Jumat, 24 September 2010

Selingkuhan Suamiku Selebriti ( Sebuah Cerpen oleh : Sam Edy Yuswanto )

Selingkuhan Suamiku Selebriti

Sabtu, 3 Juli 2010 | 05:11 WIB (dimuat di Kompas.com)

Cerpen: Sam Edy Yuswanto - Anggota FPK

Perempuan itu terlihat begitu tegar sambil sesekali menyeka buliran bening yang meluncur pelan dari kedua sudut matanya yang terlihat kuyu. Ia tak banyak bicara lagi saat para wartawan memberondonginya dengan berjuta pertanyaan urusan pribadi rumah tangganya. Perempuan itu lelah.

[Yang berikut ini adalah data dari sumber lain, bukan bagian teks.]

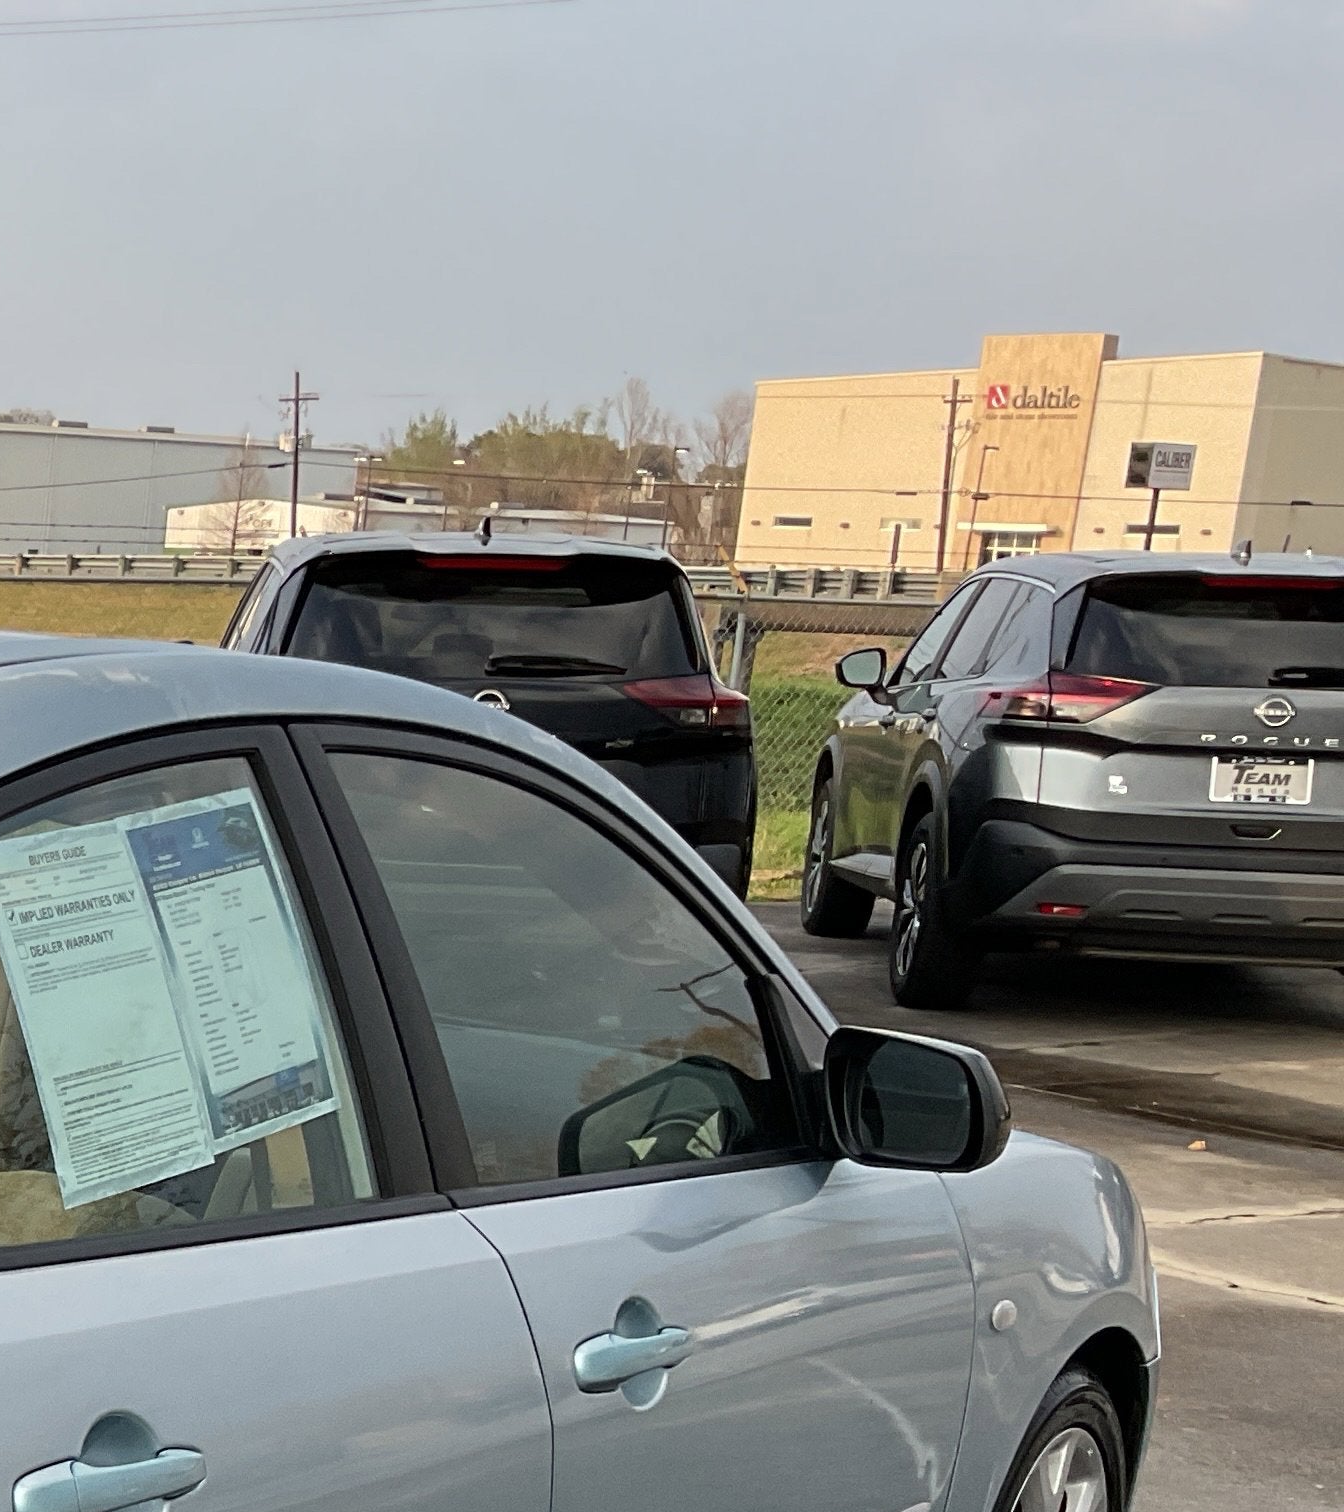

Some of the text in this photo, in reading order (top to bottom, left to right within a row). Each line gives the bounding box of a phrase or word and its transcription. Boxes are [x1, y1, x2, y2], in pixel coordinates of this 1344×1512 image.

[1013, 386, 1080, 409] daltile
[1232, 764, 1292, 786] TEAM
[28, 846, 87, 866] BUYERS GUIDE
[18, 906, 55, 924] IMPLIED
[54, 896, 113, 918] WARRANTIES
[112, 889, 136, 905] ONLY
[29, 941, 64, 958] DEALER
[64, 929, 114, 951] WARRANTY

Lelah dengan tingkah suaminya, seorang pengacara, yang terjerat jalinan cinta terlarang dengan klien-nya sendiri, perempuan yang masih muda, cantik, selebriti papan atas, terpidana kasus narkoba yang kini meringkuk di jeruji besi. Dia juga lelah dengan pertanyaan-pertanyaan para wartawan yang terus menguntitnya kemana pun ia pergi.

“Mbak Dian, gimana perasaan anda saat mengetahui suami anda berpelukan dan berciuman mesra dengan Yuliana,” reporter perempuan berkaca mata itu mencegatnya saat Dian akan masuk mobilnya. “Iya, Mbak. Apakah Mbak Dian akan minta cerai?” tanya yang lainnya.

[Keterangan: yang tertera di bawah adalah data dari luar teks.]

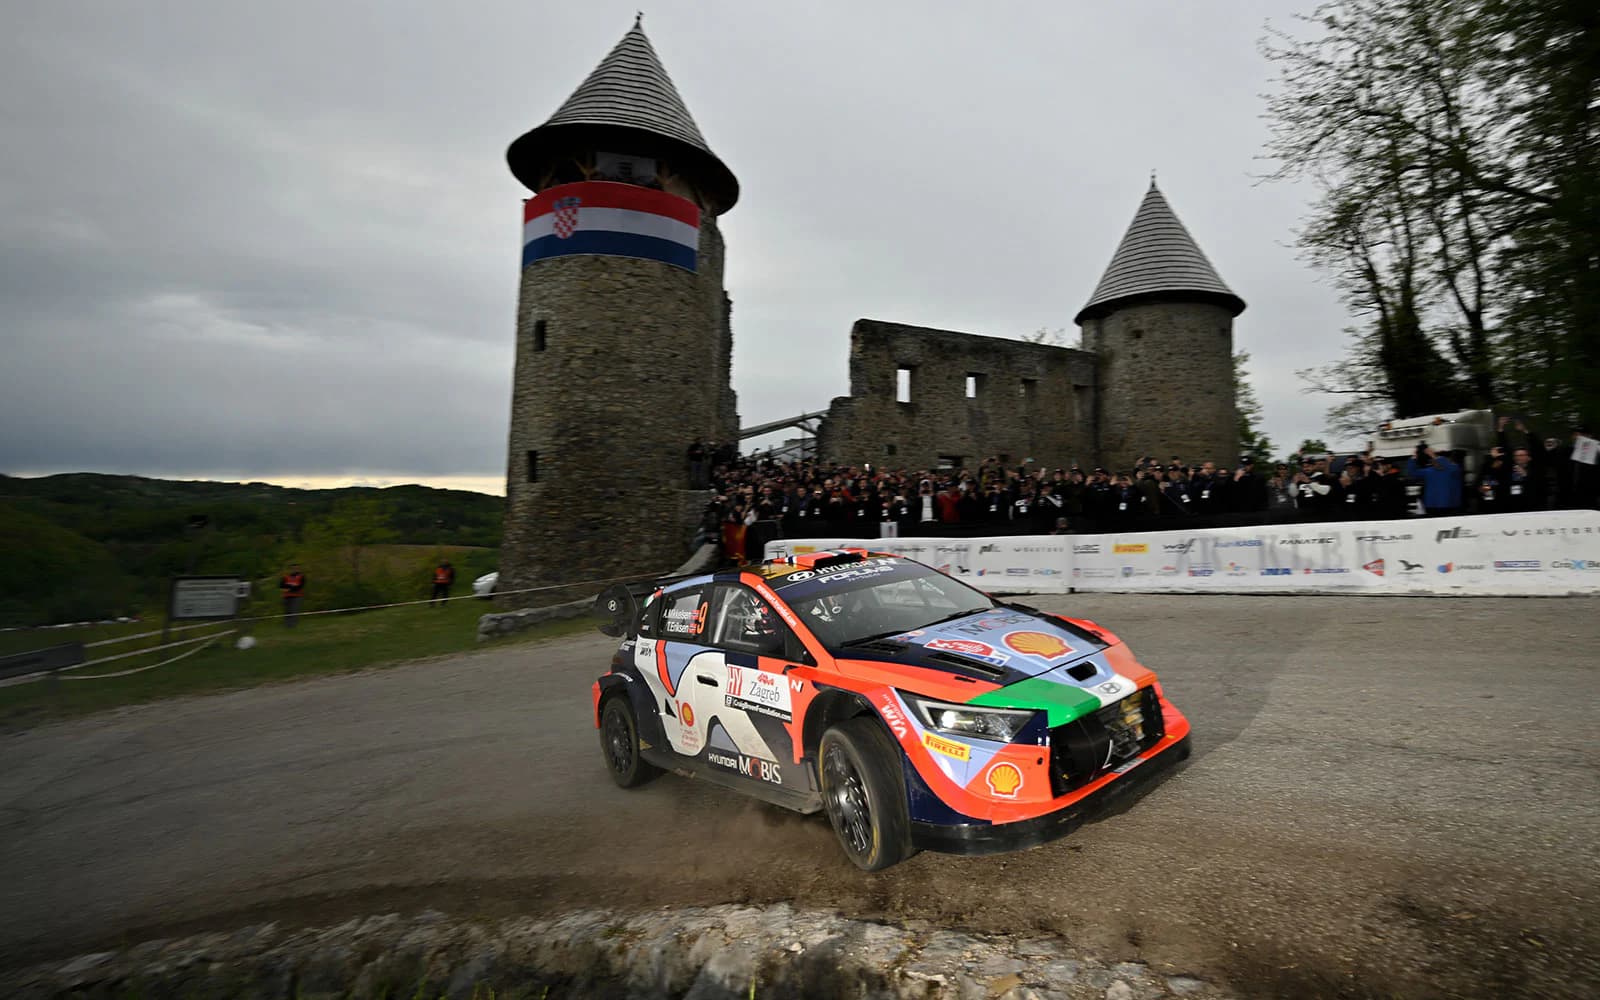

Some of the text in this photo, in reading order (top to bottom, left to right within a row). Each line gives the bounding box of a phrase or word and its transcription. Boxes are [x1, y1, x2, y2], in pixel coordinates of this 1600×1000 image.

Ah! Pertanyaan itu lagi. Jenuh rasanya Dian harus menjawabnya. Tak ada yang perlu diklarifikasi lagi. Toh, semua stasiun televisi telah terang-terangan menayangkan adegan tak bermoral yang semestinya tak dilakukan oleh lelaki pengacara seperti suaminya. Pun kabar perselingkuhan yang akhir-akhir ini begitu santer dan jadi topik utama di setiap acara infotainment. Dan sepertinya, mereka, para awak media itu yang lebih tahu – mungkin lebih tepatnya sok tau – informasi mengenai prahara rumah tangganya.

“Maaf, saya buru-buru harus njemput anak saya,” gegas Dian merangsek maju sambil membuka cepat pintu mobil Inova-nya. Tapi para wartawan itu terus memburunya. Kini Dian baru tahu dan merasakan, kenapa para selebriti itu kerap emosi dan mengata-ngatai kotor para wartawan yang – menurutnya – kurang punya etika itu.

“Tapi, jawab dulu dong Mbak, pertanyaan saya, gimana perasaan Mbak saat sua…”“Maaf, Mbak. Saya pikir Mbak sudah tau jawabannya. Sekarang saya mau tanya, apakah Mbak sudah punya suami?” potong Dian cepat, sepertinya kesabarannya hampir khatam, seraya masuk ke dalam mobilnya.

“Iya, Mbak, saya sudah punya suami, anak saya malah dua,” jawab reporter berkaca mata itu.“Gimana reaksi dan perasaan Mbak, jika suami Mbak berciuman dengan perempuan lain di depan mata kepala Mbak sendiri,” kejar Dian.

Reporter perempuan itu terdiam sejenak, nampaknya sedang berfikir. Sepersekian detik berlalu.

“Ya, saya nggak bisa terima dong, Mbak, akan saya labrak perempuan jalang itu karena telah mengganggu rumah tangga orang,” ujar reporter itu tegas.“Nah, Mbak udah tau jawaban dari pertanyaan Mbak sendiri, kan?” pungkas Dian sambil menaikkan kaca jendela mobilnya. “Mbak, Mbak, sebentar, saya mau tanya lagi, apakah Mbak akan menuntut Yuliana yang telah menghancurkan rumah tangga Mbak Dian, Mbak, Mbak Dian, tunggu sebentar Mbak, Mbak!” reporter itu sepertinya masih belum puas menginterogasi lantas mengetuk-ngetuk kaca jendela mobil Dian.

Wush! Sayangnya mobil Inova itu telah melaju kencang, menyisakan kekecewaan di hati para wartawan infotainment yang tak pernah lelah memburu berita aktual dan penuh sensasi itu.

***

“Mas aku minta cerai,” Dian benar-benar sudah sampai pada puncak kesabaran sore itu.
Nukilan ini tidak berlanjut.